- Task to carry out:
Print each record exactly as it appears, but drop the images.

- Provided data:
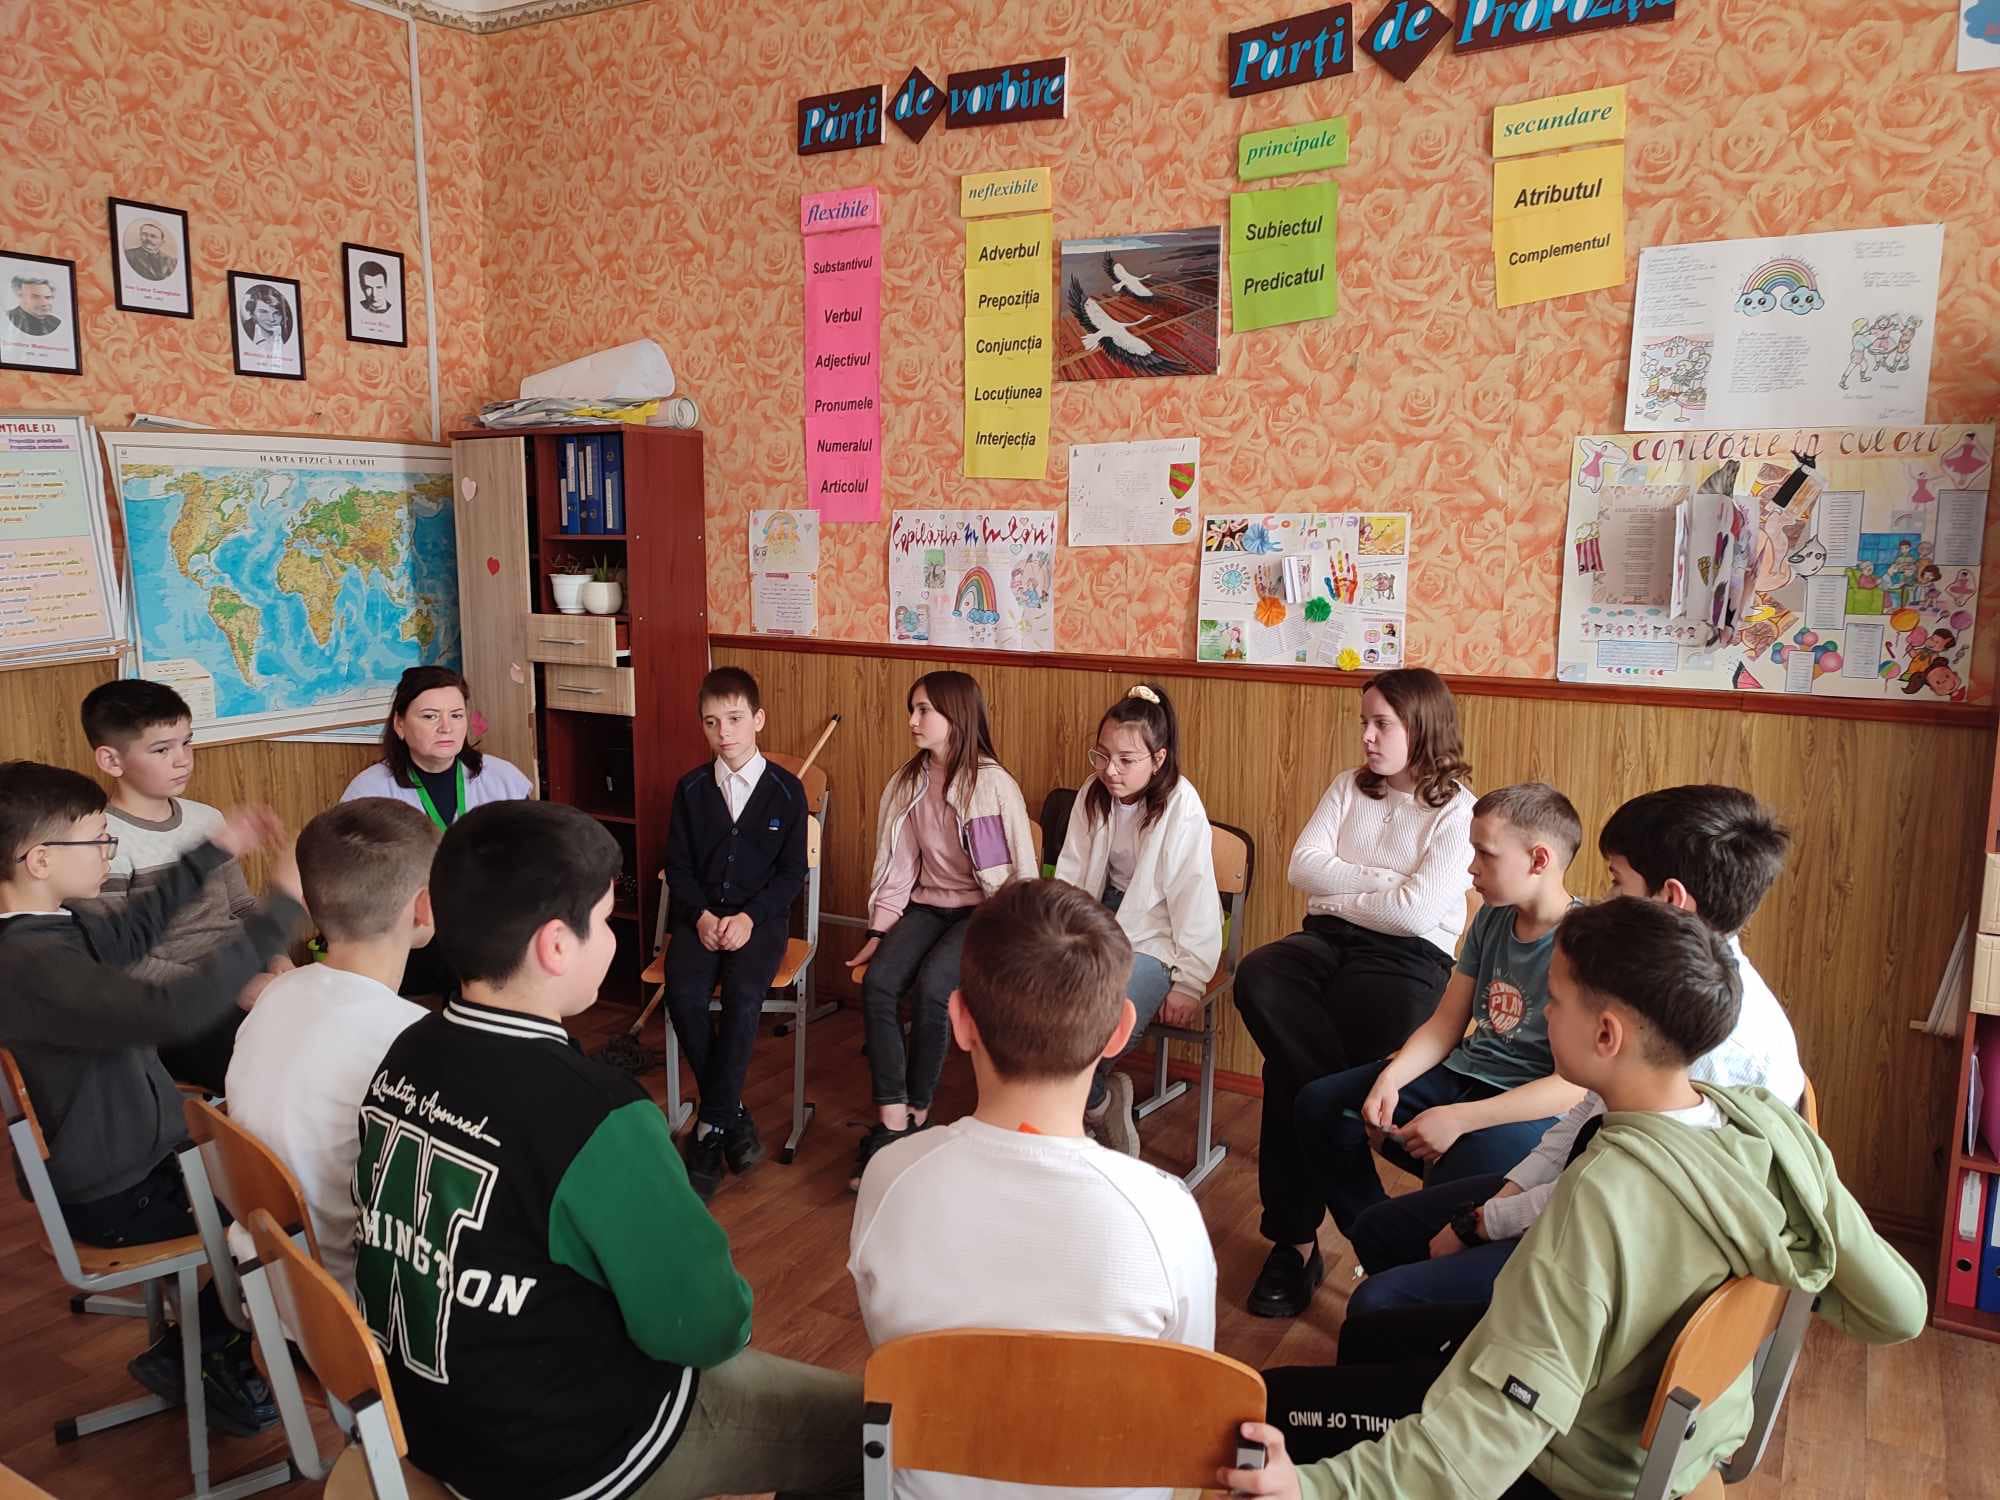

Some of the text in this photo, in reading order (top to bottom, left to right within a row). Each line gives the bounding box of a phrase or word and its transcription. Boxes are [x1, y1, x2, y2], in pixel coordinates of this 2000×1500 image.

[1373, 1, 1433, 53] de
[894, 78, 934, 121] de
[949, 68, 1065, 117] vorbire
[1503, 105, 1613, 137] secundare
[1246, 131, 1336, 165] principale
[968, 179, 1038, 201] neflexibile
[1513, 178, 1603, 209] Atributul
[805, 200, 869, 226] flexibile
[1245, 215, 1323, 241] Subiectul
[978, 240, 1040, 263] Adverbul
[1509, 233, 1610, 266] Complementul
[812, 256, 873, 274] Substantivul
[1243, 263, 1325, 296] Predicatul
[824, 307, 862, 323] Verbul
[815, 352, 870, 371] Adjectivul
[814, 396, 873, 413] Pronumele
[816, 438, 872, 453] Numeralul
[260, 455, 295, 464] HARTA
[820, 479, 868, 493] Articolul
[371, 1069, 417, 1115] Quality
[1288, 1411, 1323, 1428] MIND
[1327, 1413, 1347, 1429] OF

- Result of the task:
Some of the text in this photo, in reading order (top to bottom, left to right within a row). Each line gives the bounding box of a phrase or word and its transcription. Boxes are [x1, y1, x2, y2], in pixel coordinates of this 2000×1500 image.

[1373, 1, 1433, 53] de
[894, 78, 934, 121] de
[949, 68, 1065, 117] vorbire
[1503, 105, 1613, 137] secundare
[1246, 131, 1336, 165] principale
[968, 179, 1038, 201] neflexibile
[1513, 178, 1603, 209] Atributul
[805, 200, 869, 226] flexibile
[1245, 215, 1323, 241] Subiectul
[978, 240, 1040, 263] Adverbul
[1509, 233, 1610, 266] Complementul
[812, 256, 873, 274] Substantivul
[1243, 263, 1325, 296] Predicatul
[824, 307, 862, 323] Verbul
[815, 352, 870, 371] Adjectivul
[814, 396, 873, 413] Pronumele
[816, 438, 872, 453] Numeralul
[260, 455, 295, 464] HARTA
[820, 479, 868, 493] Articolul
[371, 1069, 417, 1115] Quality
[1288, 1411, 1323, 1428] MIND
[1327, 1413, 1347, 1429] OF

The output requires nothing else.